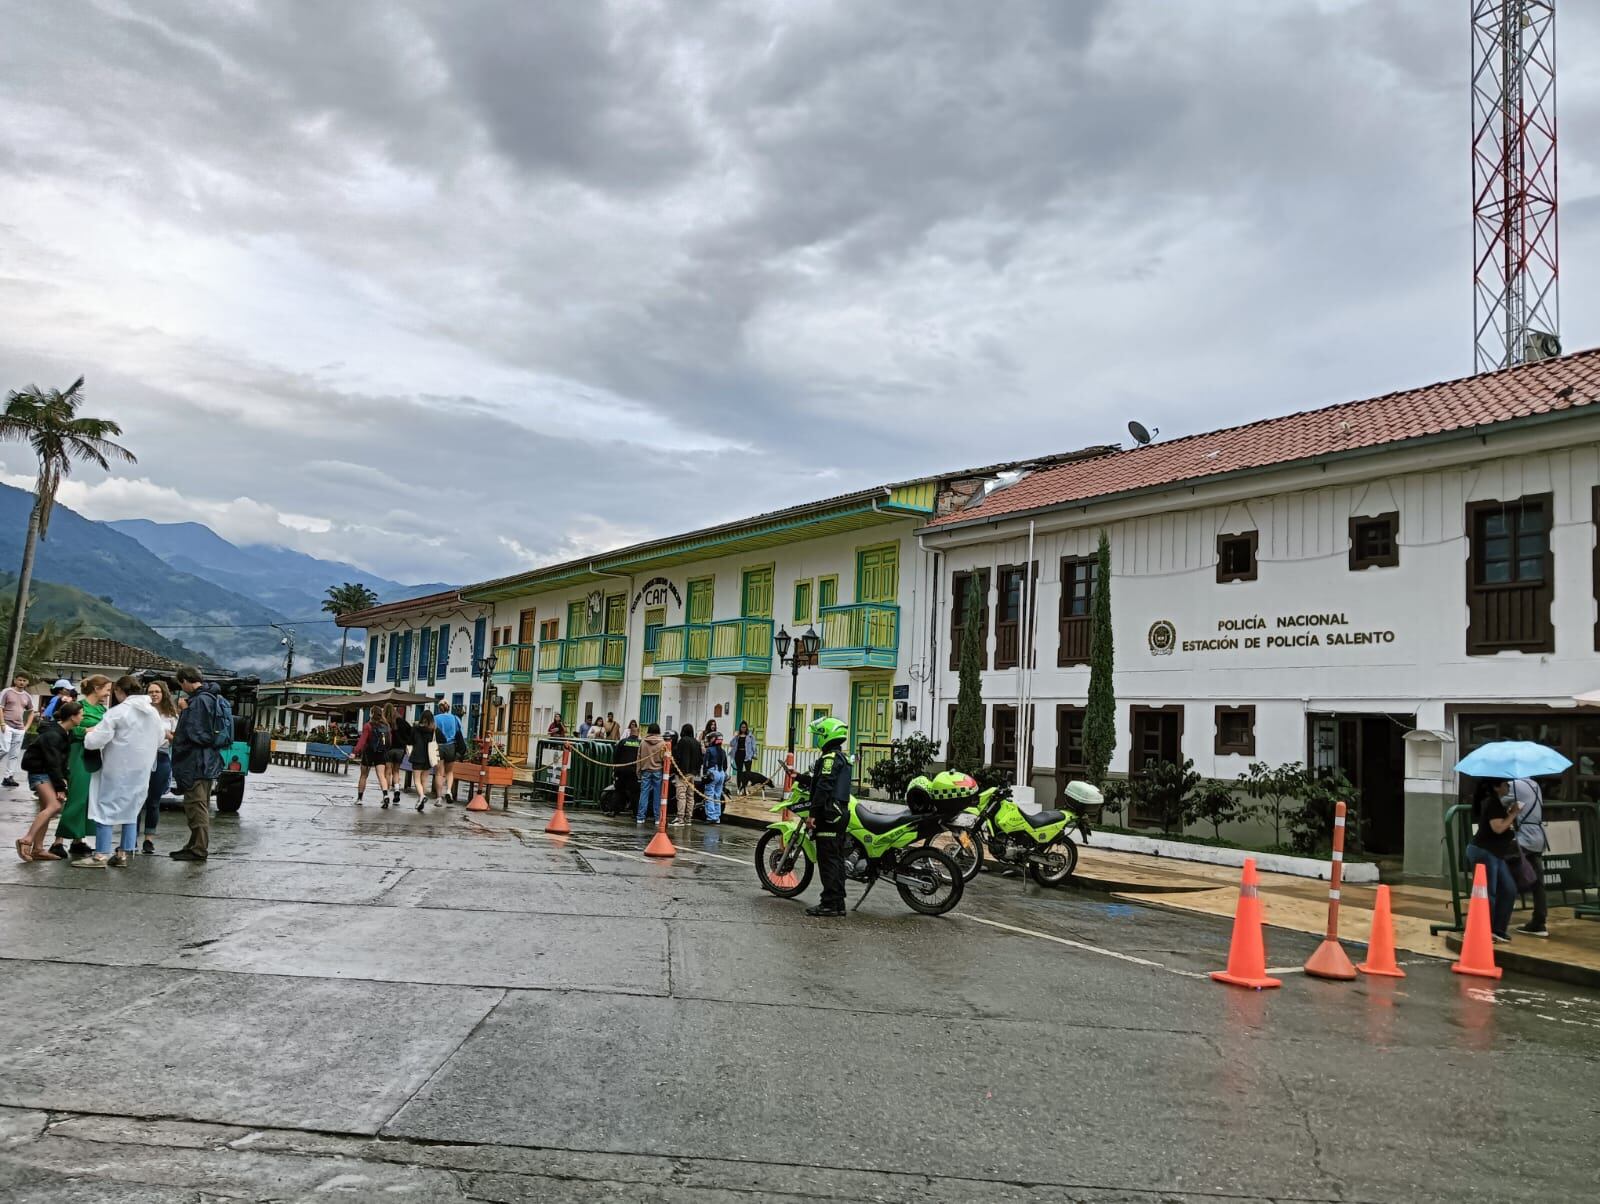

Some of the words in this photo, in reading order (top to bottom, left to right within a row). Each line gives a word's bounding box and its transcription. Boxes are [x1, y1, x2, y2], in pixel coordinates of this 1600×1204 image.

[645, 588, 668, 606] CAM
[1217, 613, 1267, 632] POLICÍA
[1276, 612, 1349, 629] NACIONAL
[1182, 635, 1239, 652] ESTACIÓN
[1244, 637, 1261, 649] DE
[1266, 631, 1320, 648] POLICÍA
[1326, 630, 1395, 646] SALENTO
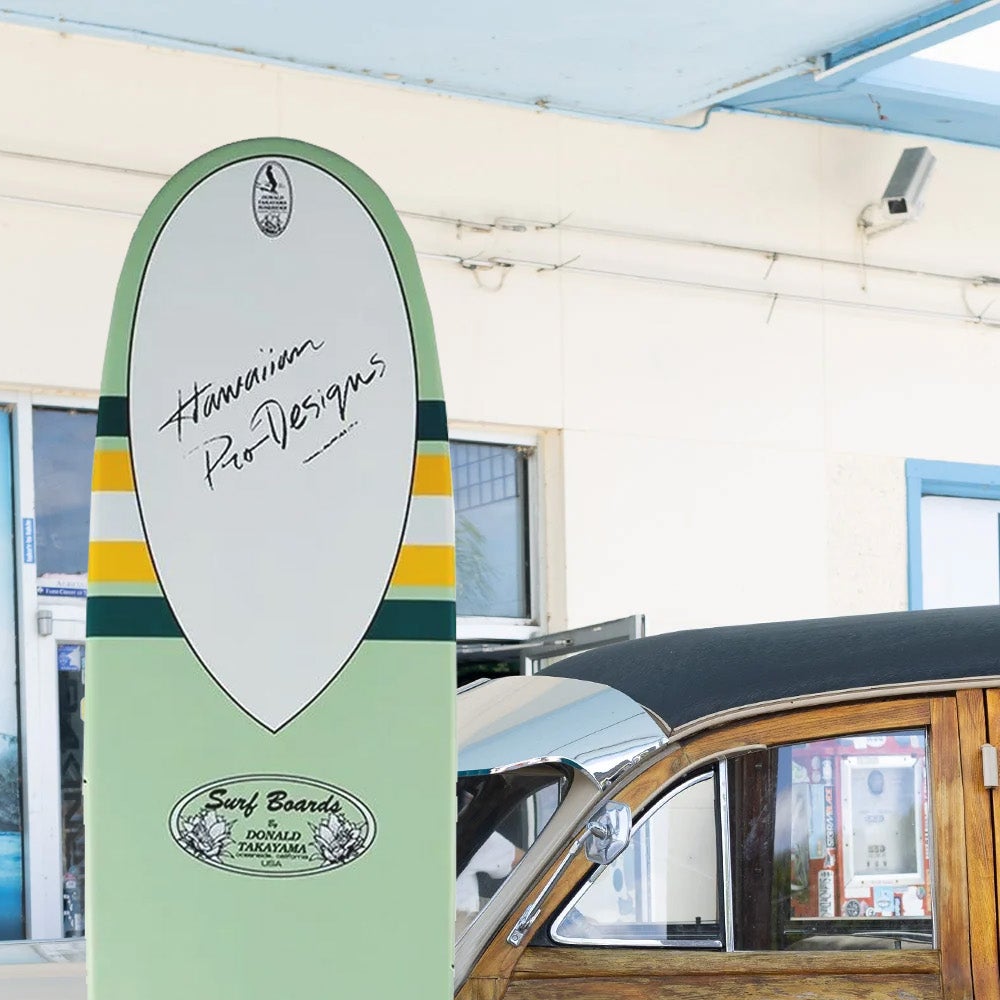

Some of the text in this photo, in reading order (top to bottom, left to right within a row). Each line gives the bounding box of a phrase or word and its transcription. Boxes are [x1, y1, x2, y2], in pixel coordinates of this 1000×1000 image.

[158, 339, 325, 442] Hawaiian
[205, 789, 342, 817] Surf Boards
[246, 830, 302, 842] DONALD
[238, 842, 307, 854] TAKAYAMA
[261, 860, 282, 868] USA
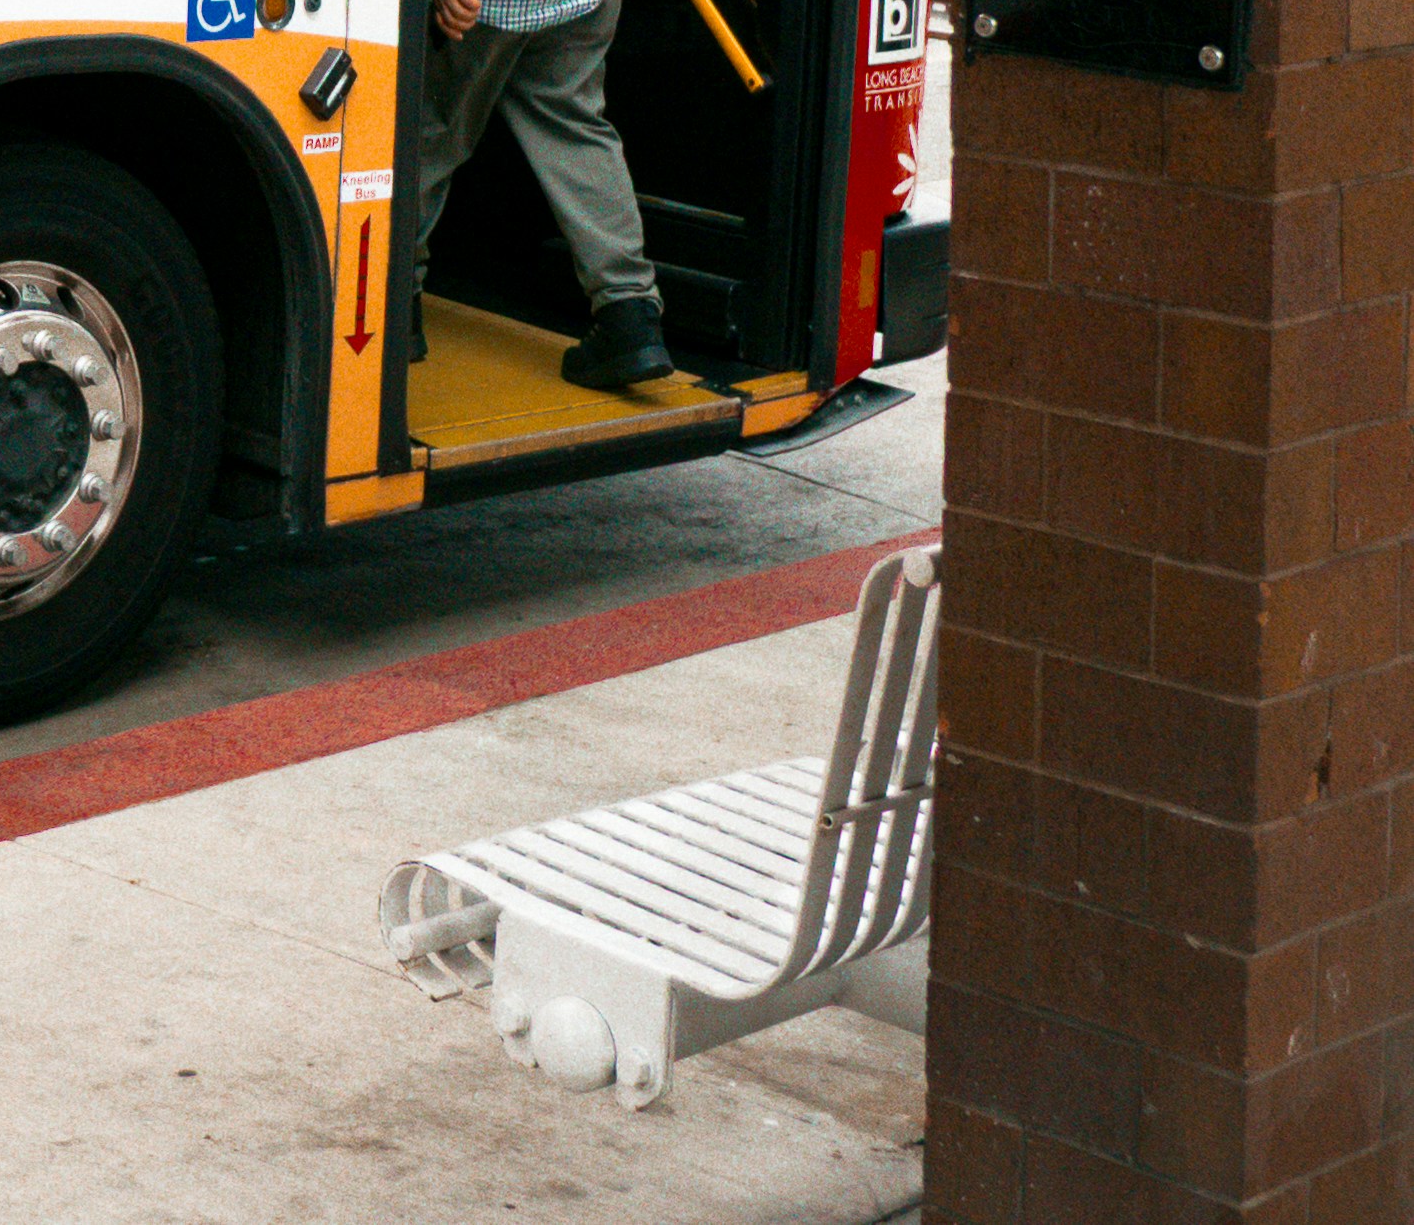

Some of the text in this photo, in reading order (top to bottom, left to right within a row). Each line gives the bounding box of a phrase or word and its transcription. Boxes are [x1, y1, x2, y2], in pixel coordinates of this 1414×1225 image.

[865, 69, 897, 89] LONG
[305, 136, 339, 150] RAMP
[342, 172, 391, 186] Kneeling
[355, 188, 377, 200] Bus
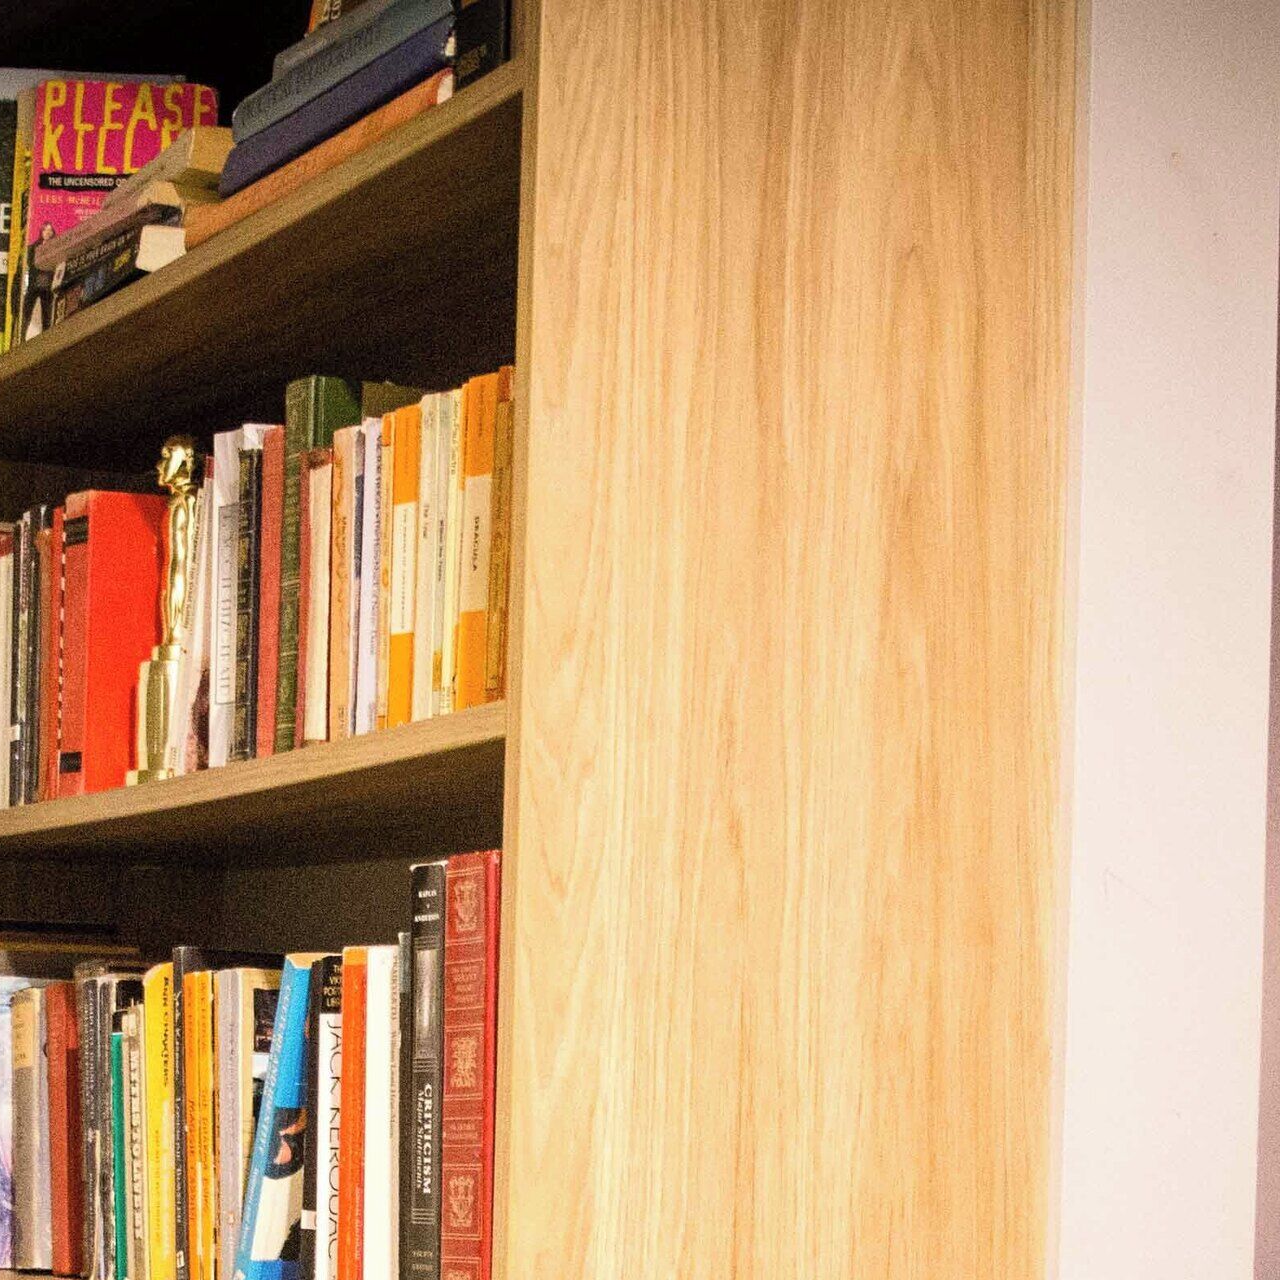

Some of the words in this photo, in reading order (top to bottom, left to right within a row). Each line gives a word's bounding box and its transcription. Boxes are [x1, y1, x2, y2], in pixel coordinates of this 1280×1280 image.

## Prompt
Restate the material above word for word, omitting the pictures.

## Exercise response
Some of the words in this photo, in reading order (top to bottom, left to right within a row). Each line gives a word's bounding box and its transcription. Boxes are [x1, y1, x2, y2], in pixel coordinates of this 1600×1204 image.

[645, 588, 668, 606] CAM
[1217, 613, 1267, 632] POLICÍA
[1276, 612, 1349, 629] NACIONAL
[1182, 635, 1239, 652] ESTACIÓN
[1244, 637, 1261, 649] DE
[1266, 631, 1320, 648] POLICÍA
[1326, 630, 1395, 646] SALENTO

Some of the text in this photo, in reading order (top to bottom, left to right within a row). Each line gives the bounding box of a phrase or word and its transcription. Boxes are [x1, y1, x2, y2], in pixel coordinates of this 1000×1000 image.

[158, 339, 325, 442] Hawaiian
[205, 789, 342, 817] Surf Boards
[246, 830, 302, 842] DONALD
[238, 842, 307, 854] TAKAYAMA
[261, 860, 282, 868] USA

Some of the text in this photo, in reading order (top to bottom, left to right within a row). Each line gives the bounding box of a phrase or word and its transcription. Boxes are [x1, y1, x2, y2], in pixel coordinates of this 1414×1225 image.

[865, 69, 897, 89] LONG
[305, 136, 339, 150] RAMP
[342, 172, 391, 186] Kneeling
[355, 188, 377, 200] Bus

Some of the words in this photo, in reading order (top to bottom, left to right within a row). Each line gives a word's bounding box and its transcription. Boxes are [x1, y1, x2, y2], in pixel coordinates of this 1280×1280 image.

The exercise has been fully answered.